━━ Material for the task ━━

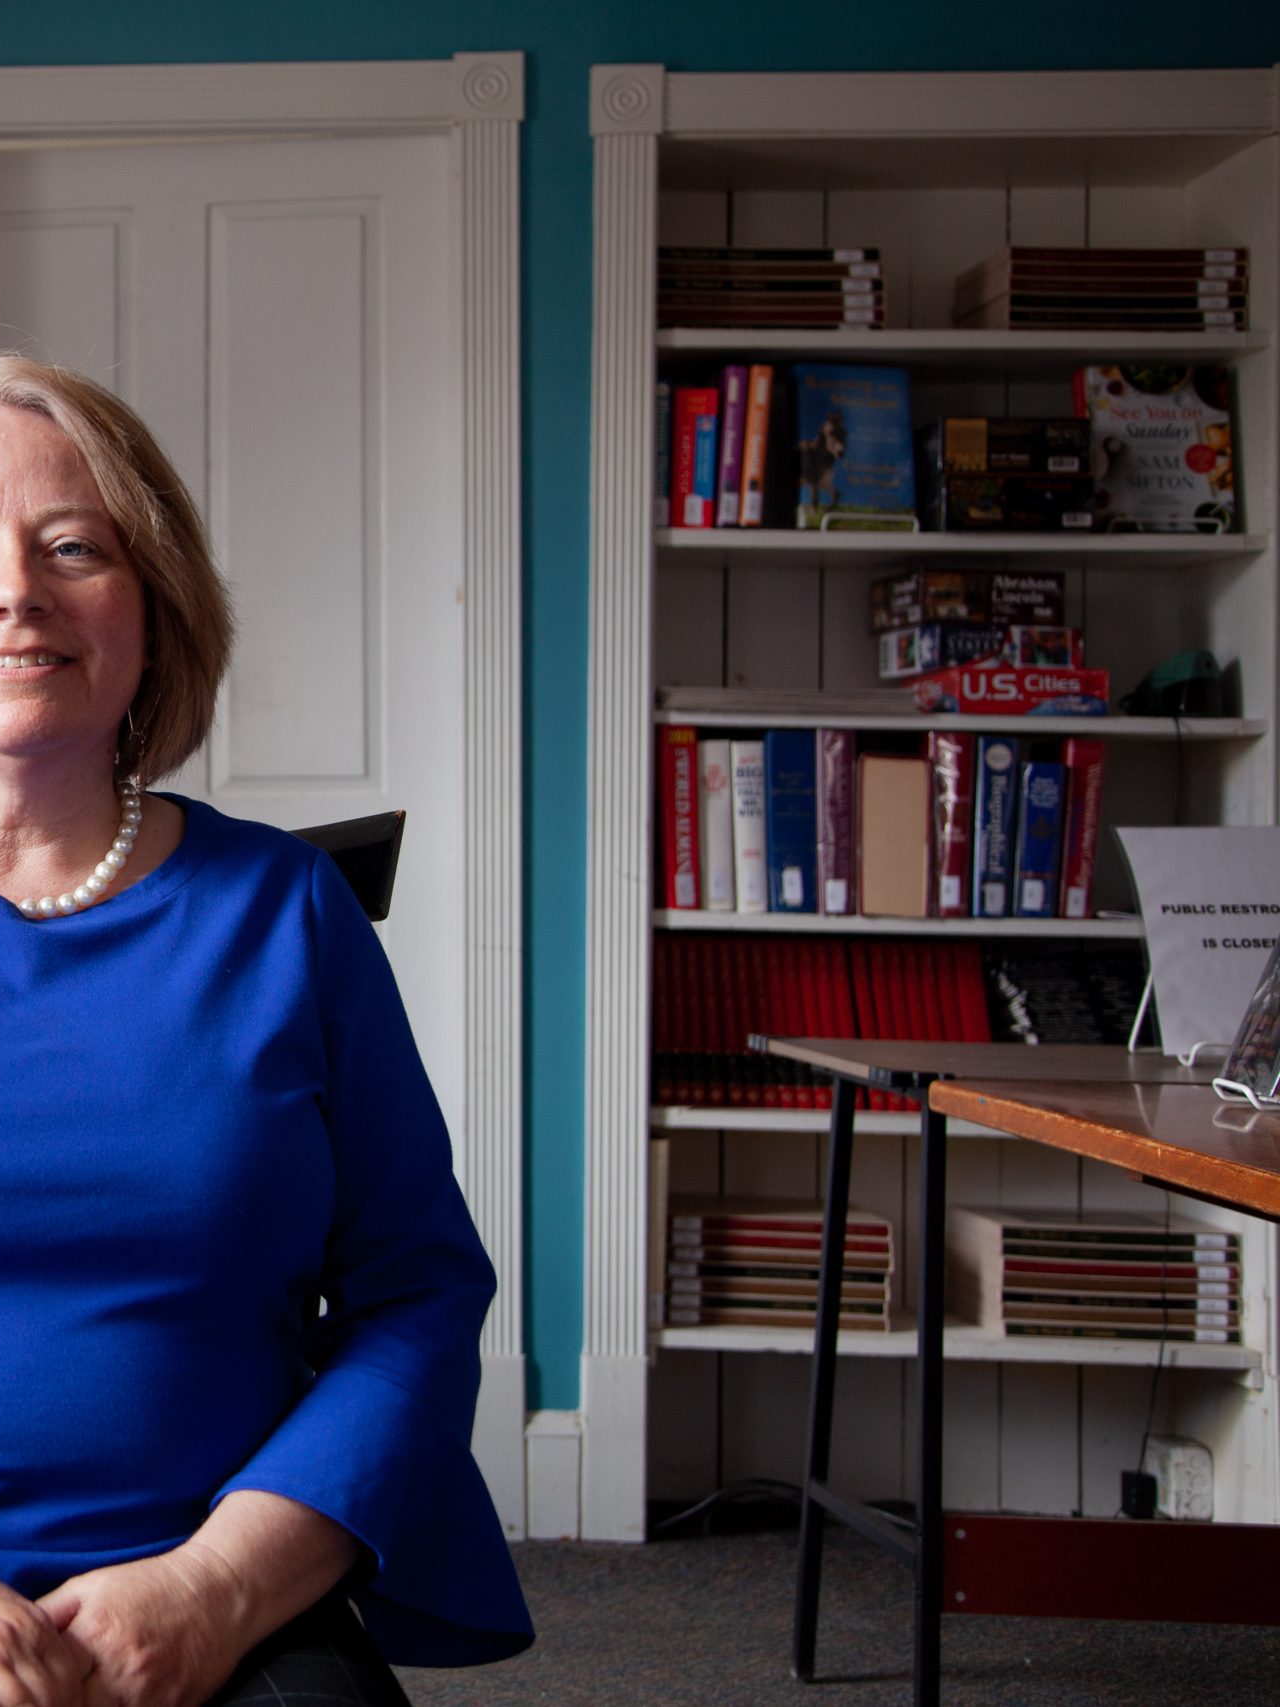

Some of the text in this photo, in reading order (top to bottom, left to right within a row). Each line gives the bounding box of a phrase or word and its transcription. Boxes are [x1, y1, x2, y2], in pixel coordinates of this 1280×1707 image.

[1145, 404, 1177, 419] You
[1125, 420, 1193, 441] Sunday
[1138, 453, 1181, 470] SAM
[961, 673, 1024, 702] U.S.
[1024, 673, 1081, 693] Cities
[1161, 904, 1280, 914] PUBLIC RESTRO
[1202, 938, 1217, 949] IS
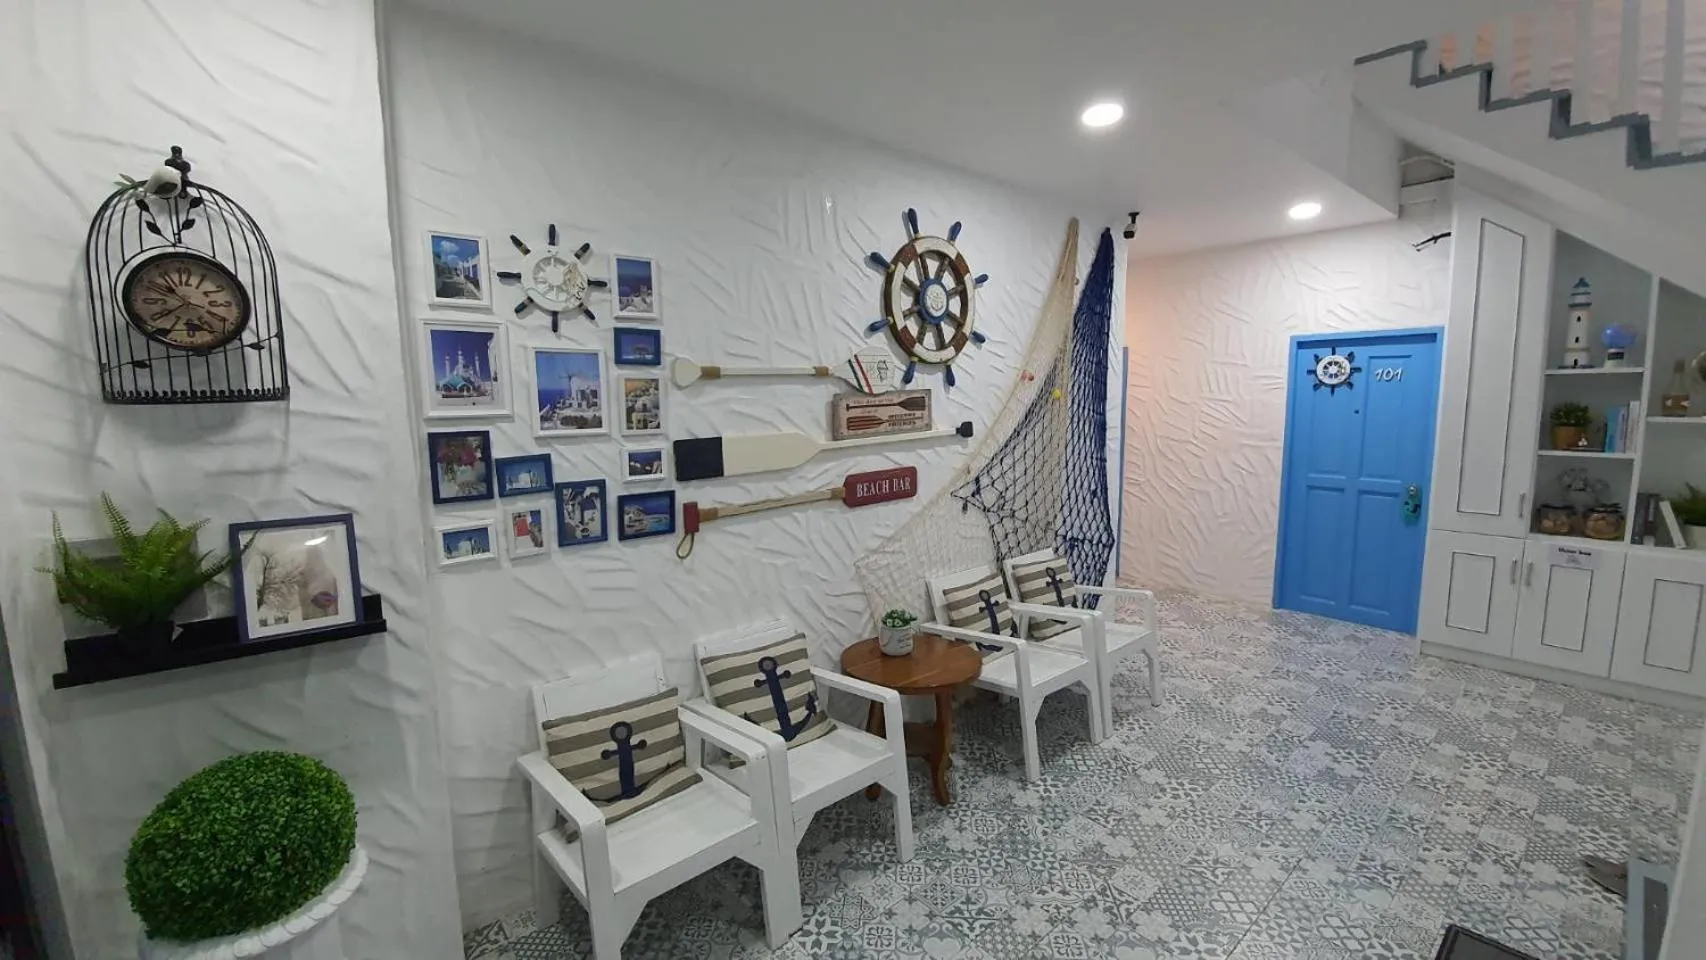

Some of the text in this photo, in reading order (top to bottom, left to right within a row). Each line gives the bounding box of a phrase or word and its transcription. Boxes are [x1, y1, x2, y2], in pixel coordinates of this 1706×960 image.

[176, 266, 193, 288] 12
[195, 273, 207, 290] 1
[203, 285, 225, 297] 2
[208, 300, 232, 308] 3
[206, 309, 228, 335] 4
[1375, 367, 1402, 381] 101
[856, 476, 911, 498] BEACH BAR
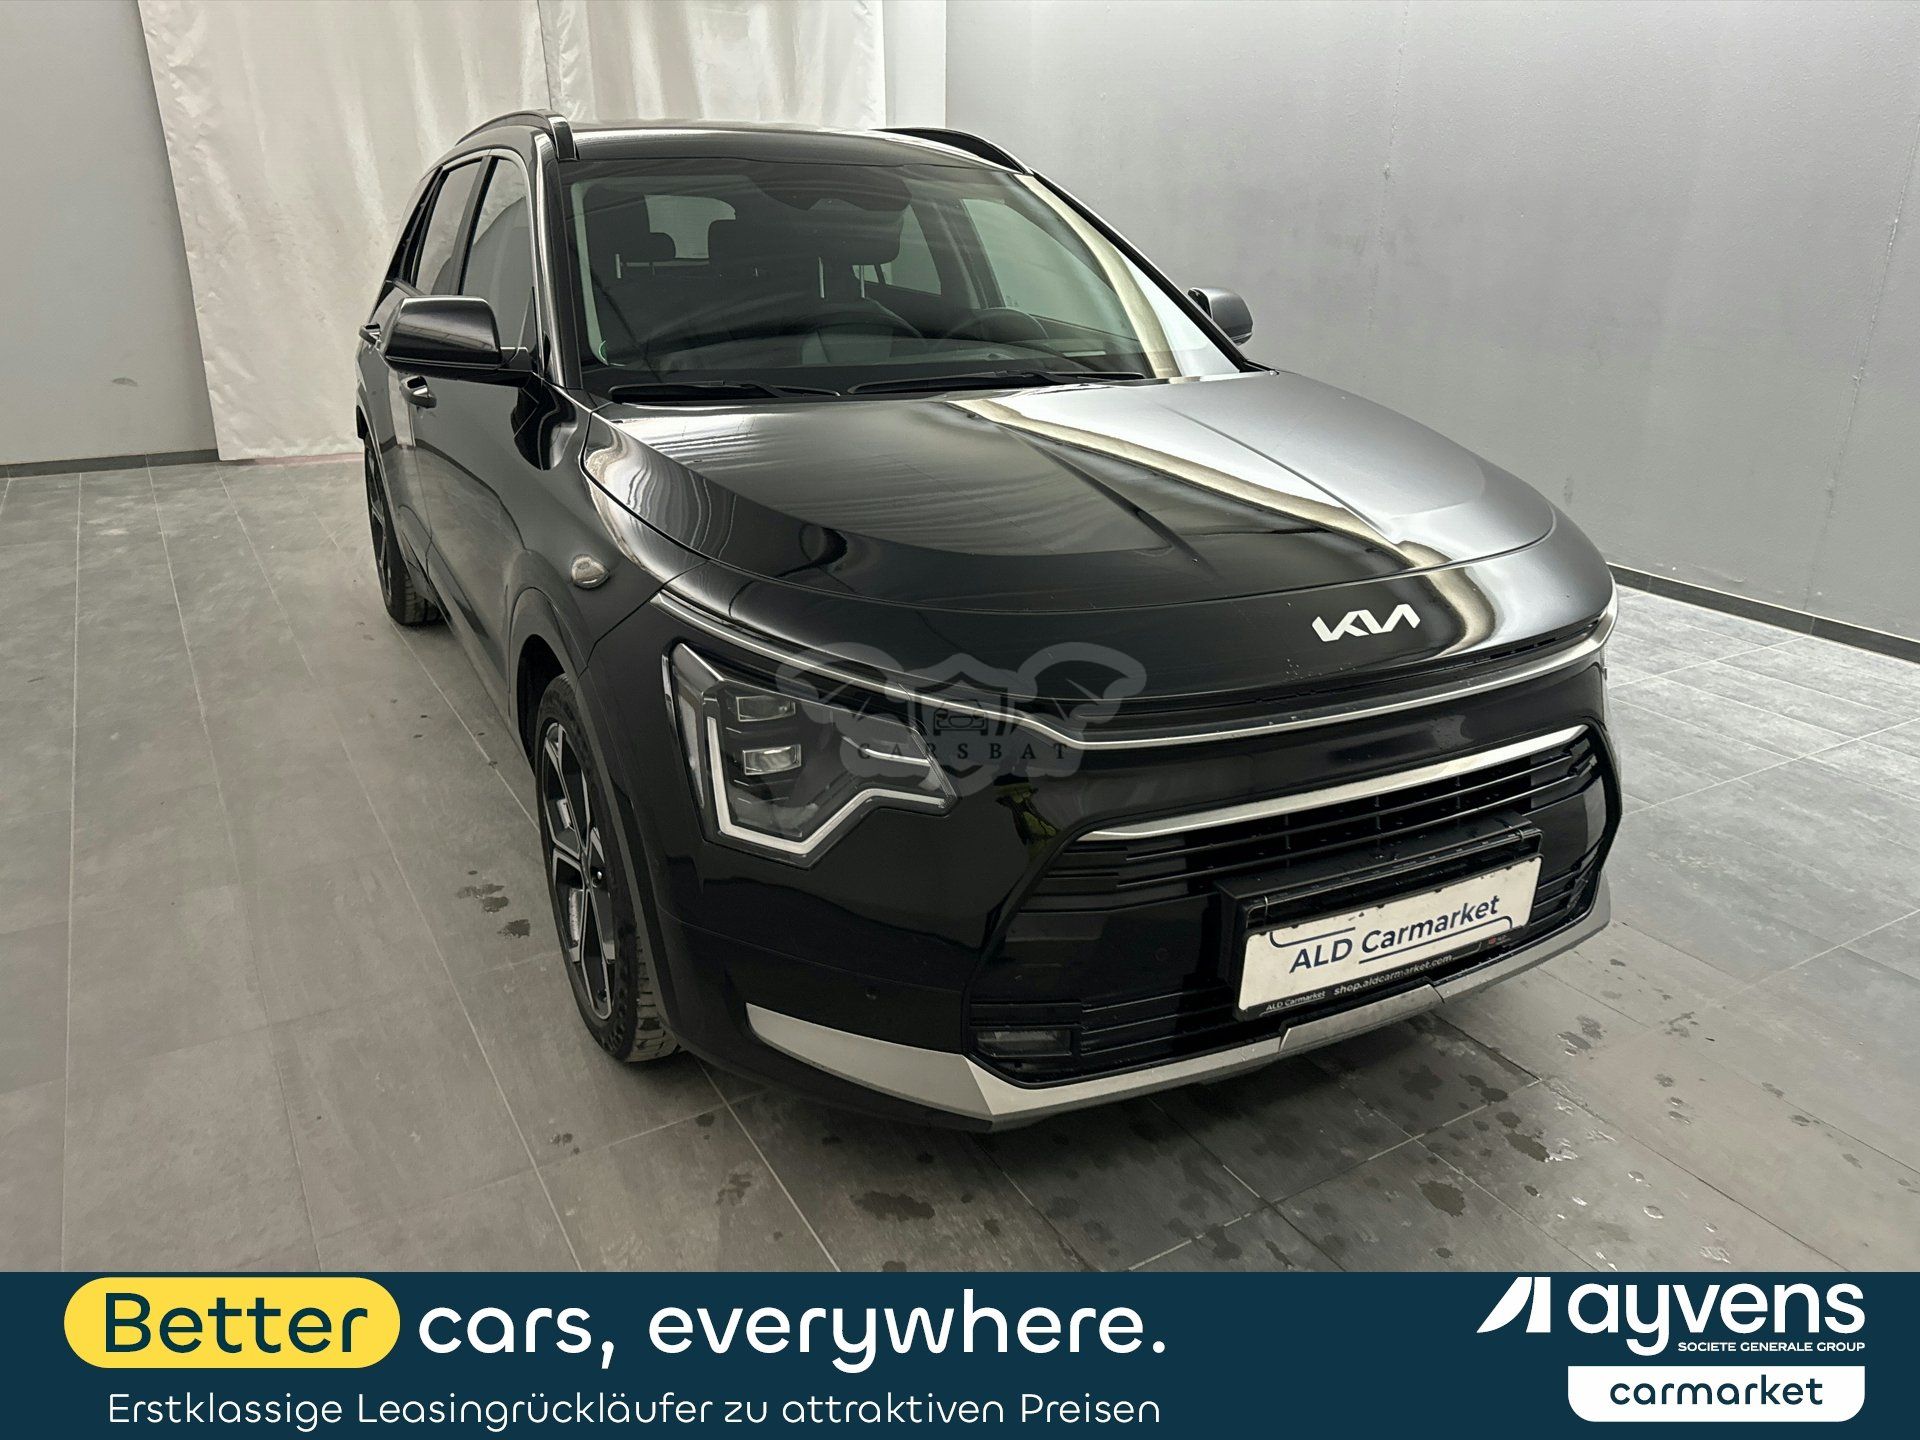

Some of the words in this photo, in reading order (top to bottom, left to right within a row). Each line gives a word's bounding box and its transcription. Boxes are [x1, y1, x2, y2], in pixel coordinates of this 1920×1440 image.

[1311, 604, 1420, 641] KIA
[1288, 938, 1353, 974] ALD
[1361, 895, 1501, 954] Carmarket
[1333, 954, 1453, 996] shop.aldcarmarket.com
[1265, 1000, 1284, 1012] ALD
[1284, 990, 1326, 1008] Carmarket

━━━

### Task to complete
Word-for-word output of every record is needed, with images omitted.

### Response for this exercise
Some of the text in this photo, in reading order (top to bottom, left to right within a row). Each line gives the bounding box of a phrase or word and its transcription. Boxes are [x1, y1, x2, y2], in pixel coordinates of this 1280×1707 image.

[1145, 404, 1177, 419] You
[1125, 420, 1193, 441] Sunday
[1138, 453, 1181, 470] SAM
[961, 673, 1024, 702] U.S.
[1024, 673, 1081, 693] Cities
[1161, 904, 1280, 914] PUBLIC RESTRO
[1202, 938, 1217, 949] IS

Some of the text in this photo, in reading order (top to bottom, left to right within a row). Each line gives the bounding box of a phrase or word and its transcription. Boxes are [x1, y1, x2, y2], in pixel coordinates of this 1706×960 image.

[176, 266, 193, 288] 12
[195, 273, 207, 290] 1
[203, 285, 225, 297] 2
[208, 300, 232, 308] 3
[206, 309, 228, 335] 4
[1375, 367, 1402, 381] 101
[856, 476, 911, 498] BEACH BAR

Some of the words in this photo, in reading order (top to bottom, left to right within a row). Each line gives a word's bounding box and its transcription. Boxes are [x1, y1, x2, y2], in pixel coordinates of this 1920×1440 image.

[1311, 604, 1420, 641] KIA
[1288, 938, 1353, 974] ALD
[1361, 895, 1501, 954] Carmarket
[1333, 954, 1453, 996] shop.aldcarmarket.com
[1265, 1000, 1284, 1012] ALD
[1284, 990, 1326, 1008] Carmarket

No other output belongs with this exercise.